Kjos is a graduate of the University of Northern Iowa. He and wife, Cynthia, raise corn, soybeans, alfalfa, oats, and have a cow/calf herd. Their Winneshiek County farm has been in the family since 1862.

* Phil Sundblad, who also won re-election, represents District 3, which consists of 12 counties in northwest Iowa. He was first elected to the position in 2000. Before Sundblad was elected to the board in November 2000, he served in many leadership positions for the Buena Vista County Farm Bureau, including president, vice president, voting delegate and treasurer. Sundblad currently serves as president of a locally-owned wind farm in Palo Alto County -- Crosswind Energy, LLC; chairman of the Food Board for Albert City Threshermen and Collectors; chairman of IOWA AgSTATE and is active in his local church. He and wife Brenda grow corn and soybeans and have two children.
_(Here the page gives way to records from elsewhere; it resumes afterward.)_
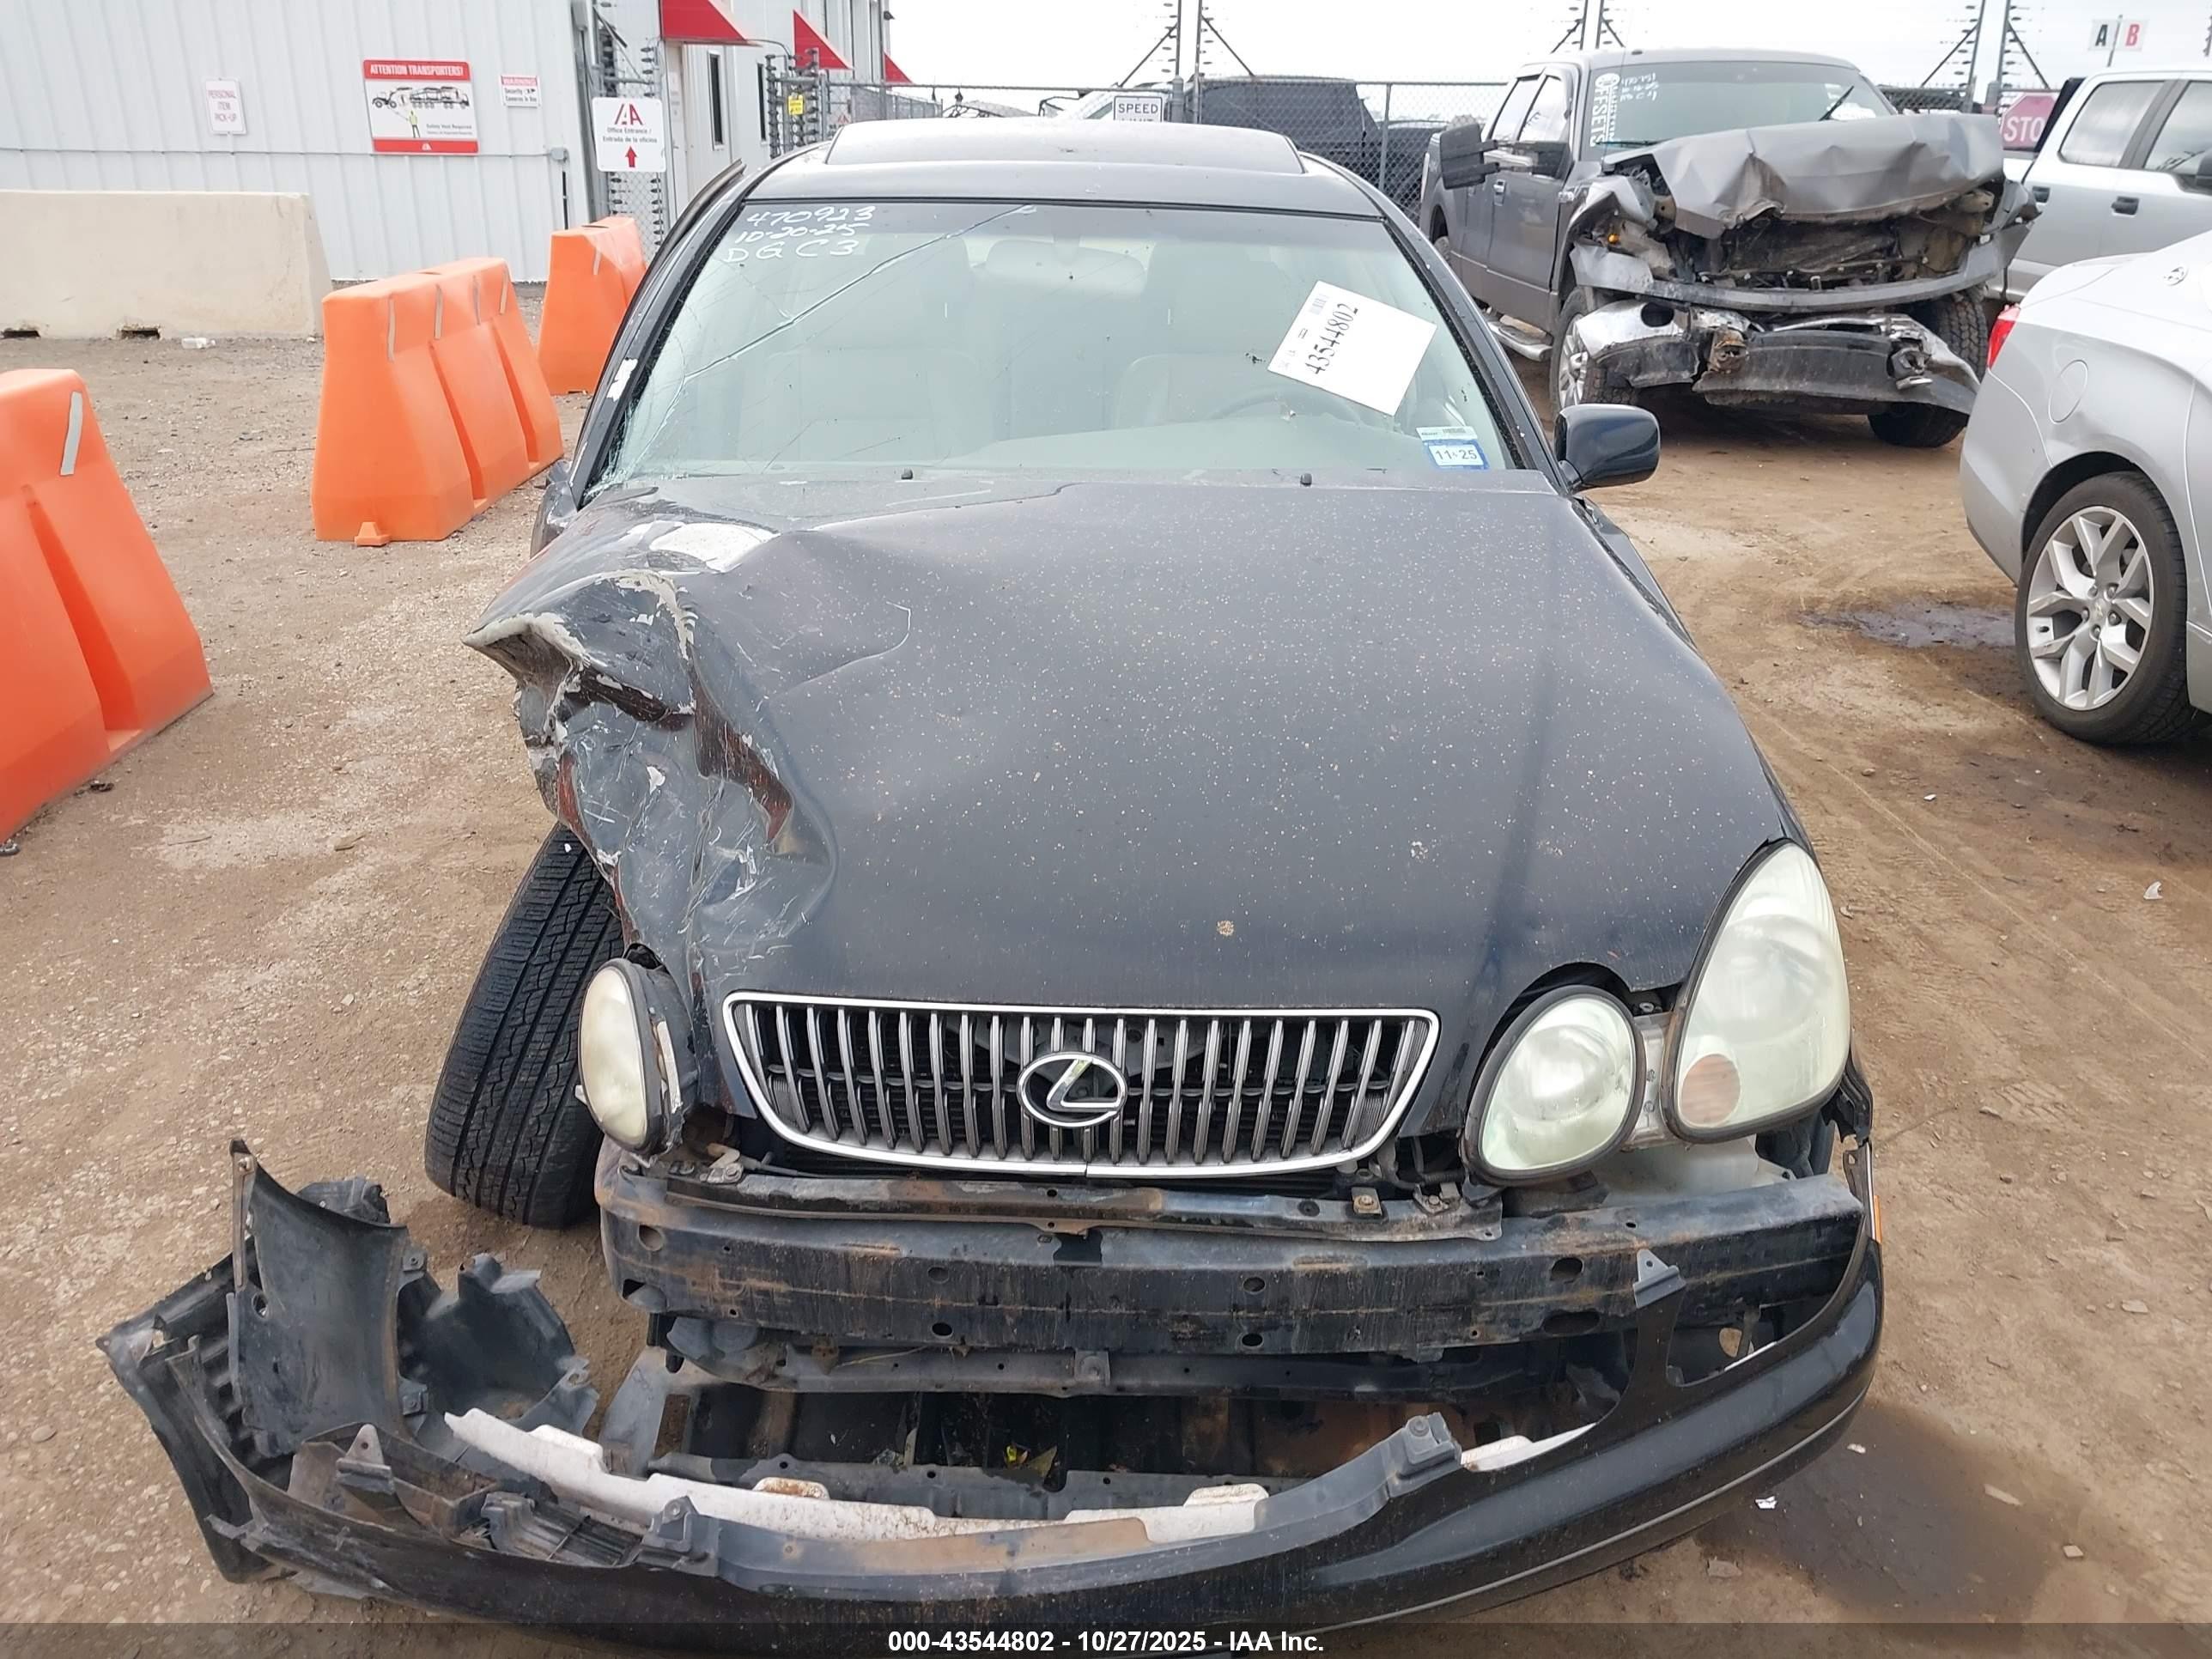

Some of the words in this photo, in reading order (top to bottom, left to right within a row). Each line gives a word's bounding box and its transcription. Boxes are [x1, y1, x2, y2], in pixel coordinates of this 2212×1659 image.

[2095, 24, 2108, 46] A
[2125, 23, 2140, 46] B
[370, 64, 407, 76] ATTENTION
[1118, 103, 1158, 114] SPEED
[2003, 116, 2047, 142] STO
[746, 205, 876, 227] 470923
[735, 222, 871, 244] 10-20-25
[1304, 302, 1359, 375] 43544802
* Mark Buskohl is the newly-elected District 5 Board member. That district consists of 11 counties in central Iowa. Buskohl and wife Nancy run a diversified cow, cattle, sheep, hay and grain farm near Grundy Center. Active in his local community and church, Buskohl has also served in many Farm Bureau leadership positions including county president, vice president and voting delegate. He most recently served as a member of the state internal study committee.

The IFBF delegates also elected five members to represent Iowa at the 2013 American Farm Bureau Federation, or AFBF, convention in Nashville, Tenn. They are Jim Boyer of Ringsted, David Hommel of Eldora, Kevin Krumwiede of Ledyard, Karen Seipold of Hastings and Kyle Holthaus of Waukon. Guy Petersen of Wyoming (Jones County) was elected to a three-year term on the IFBF internal study committee. Dave Seil of Gowrie (Webster County) was elected to the internal study committee to complete a one-year term vacated by Mark Buskohl. The internal study committee serves as a liaison between the county Farm Bureau voting delegates and the state board of directors.
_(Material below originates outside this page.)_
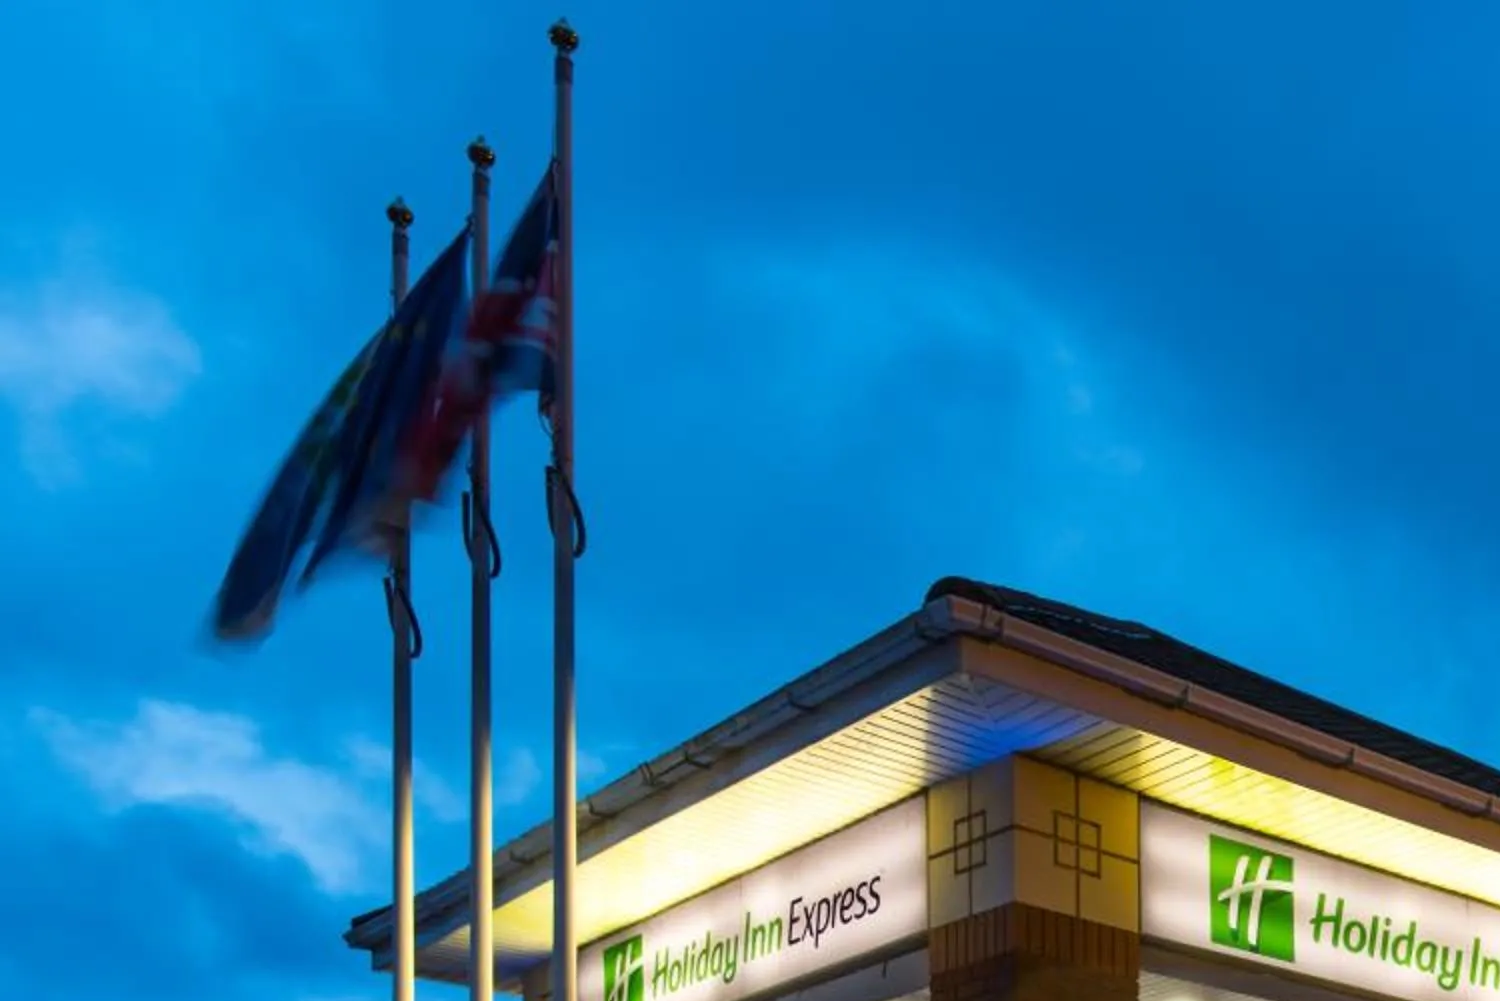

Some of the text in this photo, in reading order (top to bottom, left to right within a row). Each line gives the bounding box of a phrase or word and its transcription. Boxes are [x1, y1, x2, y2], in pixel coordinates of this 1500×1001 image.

Transportation issues, farm succession planning and many other topics

The diverse crowd of farmers, community and business leaders filled the newly-remodeled Vet's Auditorium to listen to speakers and to discuss animal welfare, water quality, changing markets and future trends at the meeting in Des Moines. Those trends include transportation issues, farm succession planning and environmental regulations and nutrient runoff management, as well as how to cope with the increasing number of state and federal regulations on livestock production. They also discussed issues related to the new 2012 Farm Bill being formulated in Washington, D.C.
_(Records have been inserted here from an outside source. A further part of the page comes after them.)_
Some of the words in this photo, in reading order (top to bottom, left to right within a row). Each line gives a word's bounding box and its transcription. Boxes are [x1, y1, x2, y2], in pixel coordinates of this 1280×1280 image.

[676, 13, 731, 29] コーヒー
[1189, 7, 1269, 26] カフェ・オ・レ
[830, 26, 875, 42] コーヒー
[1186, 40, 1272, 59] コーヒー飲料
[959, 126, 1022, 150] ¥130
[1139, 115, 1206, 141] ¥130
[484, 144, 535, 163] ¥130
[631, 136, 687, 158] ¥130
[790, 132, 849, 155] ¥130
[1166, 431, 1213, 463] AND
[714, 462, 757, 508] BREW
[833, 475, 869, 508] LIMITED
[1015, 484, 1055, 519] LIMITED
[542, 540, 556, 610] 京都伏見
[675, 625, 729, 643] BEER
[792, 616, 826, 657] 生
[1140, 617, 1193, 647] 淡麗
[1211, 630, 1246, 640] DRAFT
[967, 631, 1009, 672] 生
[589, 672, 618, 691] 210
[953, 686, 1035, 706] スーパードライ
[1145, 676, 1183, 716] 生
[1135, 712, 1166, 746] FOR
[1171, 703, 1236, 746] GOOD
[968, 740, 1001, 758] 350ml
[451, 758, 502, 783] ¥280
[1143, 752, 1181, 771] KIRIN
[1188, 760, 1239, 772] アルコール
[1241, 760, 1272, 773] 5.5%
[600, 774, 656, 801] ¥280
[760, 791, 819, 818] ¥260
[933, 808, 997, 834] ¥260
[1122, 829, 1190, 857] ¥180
IFBF President Craig Hill told members that "Iowa farmers met many challenges in 2012 and thanks to their innovation, were able to overcome drought and market risks."  The future-forward direction of Farm Bureau and Iowa's farmers also brought several key leaders to the annual meeting. Iowa Gov. Terry Branstad spoke to farmers about the pending federal fiscal cliff that the U.S. Congress and President Obama are trying to work out an agreement on. Branstad also talked about government over-regulation, and explained his views regarding the newly-unveiled Iowa Nutrient Strategy Plan, which the governor said he fully supports.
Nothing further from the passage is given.